Chest: Examine the chest by inspection, palpation, auscultation and percussion. Look for abrasions, contusions, rib fractures, flail segments and compare with other side. Rule out haemothorax, haemopneumothorax, simple or open pneumothorax. A flail chest will require stabilisation with tape whereas an open pneumothorax will need a cover on three sides to allow pleural air to escape but not allowing more air to enter the chest. The other chest injuries that can be life-threatening are tracheobronchial rupture, aortic rupture, myocardial contusion, and myocardial infarction. Look for oesophageal rupture, pulmonary contusion and diaphragmatic injury.
BOX | TESTING STRATEGY | CONTENT |
1 | Patient's Blood Group Specific/O Rh D Negative Saline Match Antibody Screening Keep Next Box Ready |
2PRBC 2FFP 2 BT SET |
2A | Repeat Group If Possible Type And Screen Saline Match Keep Next Box Ready |
2PRBC 2FFP 5PLTC/1SDP 2 BT SET |
2B | Type And Screen Saline Match Keep Next Box Ready |
2PRBC 2FFP 2 BT SET |
3A | Type And Screen Saline Match Keep Next Box Ready |
2PRBC 2FFP 10 UNITS CRYO 2 BT SET |
3B | Type And Screen Saline Match Keep Next Box Ready |
2PRBC 2FFP 2 BT SET |
PRBC - Packed red blood cells, FFP - Fresh frozen plasma, BT set - Blood transfusion set, PLTC - Platelet concentrate, SDP - Single donor platelets, CRYO - Cryoprecipitate |
Abdomen: Examination of the abdomen with inspection, palpation, percussion and auscultation is repeated. An ultrasound of the abdomen may be done to look for injuries including liver or spleen injury. Large amounts of blood can accumulate in the abdomen before any distension is visible. Diagnostic peritoneal lavage is performed if ultrasound of the abdomen is not immediately available.

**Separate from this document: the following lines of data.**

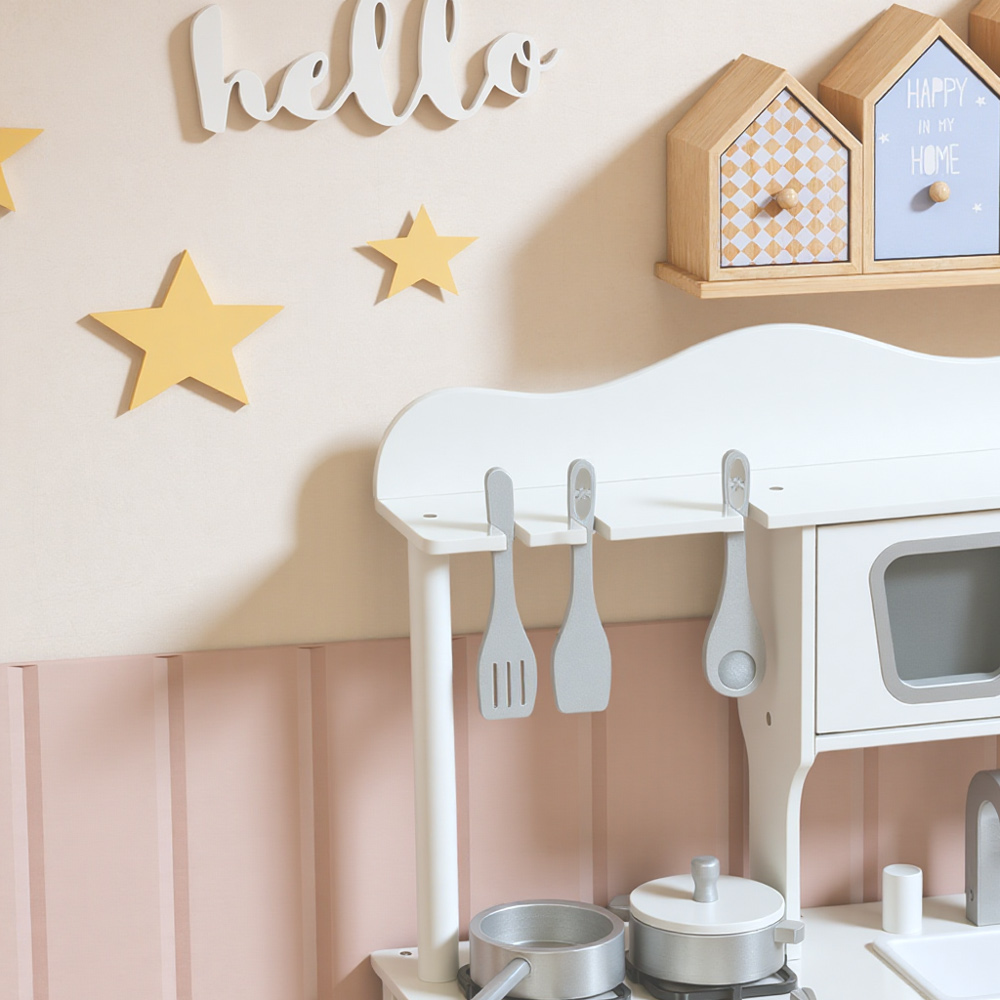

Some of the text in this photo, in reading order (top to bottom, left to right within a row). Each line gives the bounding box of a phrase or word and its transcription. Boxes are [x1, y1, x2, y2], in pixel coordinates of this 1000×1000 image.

[190, 0, 564, 133] hello
[907, 77, 968, 108] HAPPY
[918, 117, 955, 135] IN MY
[910, 143, 960, 176] HOME
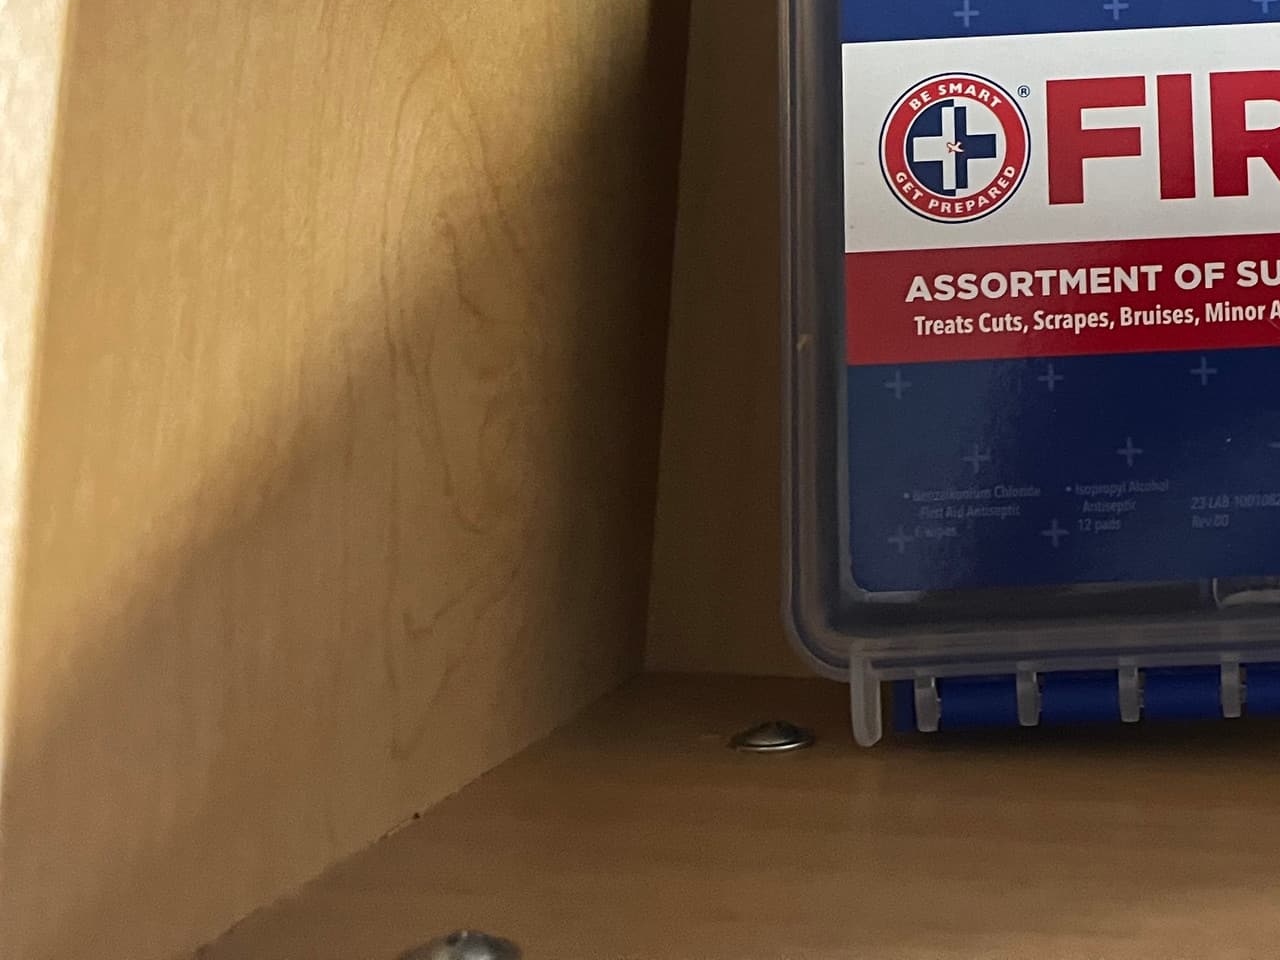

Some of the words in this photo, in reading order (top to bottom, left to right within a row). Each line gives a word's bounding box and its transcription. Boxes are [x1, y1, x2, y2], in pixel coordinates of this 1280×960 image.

Limbs: The upper and lower limbs are also examined for the skin colour, feel (temperature), integrity, movement, presence of pulses, any obvious bleeders, abrasions, contusions, motor power and sensations. External bleeding can be stopped by application of pressure on the wound. If any injuries are noted, immobilise the limb.
Watch for compartment syndrome (increased intramuscular pressures) where the tissue oedema prevents any circulation to the distal parts of the limb. These can happen with fractures, crush injuries and haematomas in the limb. Features of compartment syndrome are absence of movement, sensation and blanching in the distal tissue. Decompression must be performed immediately to prevent loss of tissue due to ischaemia. Local hypoperfusion is more likely when systolic blood pressure is low and intramuscular pressure is high.
If the local hypoxaemia has been present for more than 2 hours and reperfusion is done late, there can be extensive vascular damage. That is why decompression should be done early. The forearm and lower leg compartments are at greatest risk.
Spine and Back: Lastly, the patient is log-rolled to examine the spine and the back for any injuries including vertebral injuries. A per rectal examination is done to look for any high-riding prostate which along with blood at the urethra may suggest urethral injuries. If this is the case, a suprapubic cystostomy may be needed. One must also note the anal sphincter tone, integrity of rectal wall and blood in the rectum.
Tubes and catheters: The patient is then placed supine. Tubes and catheters are inserted and x-rays obtained; Ryle's tube, urinary catheter, neck, chest and pelvic x-rays, ultrasound abdomen and if necessary, diagnostic peritoneal lavage are done at this stage.
All through the secondary survey, if there is any change in patient condition the primary survey starting with A, B and C will need to be performed.
Definitive care
After completion of the examination, ensure that the patient is covered and kept warm before proceeding to definitive care. The injuries observed during the primary and secondary surveys are further evaluated and managed by the respective specialists. The patient is transferred to appropriate facility as required for further management.
References
1. Advanced Trauma Life Support Course of the American College of Surgeons. 9th edition. 2012.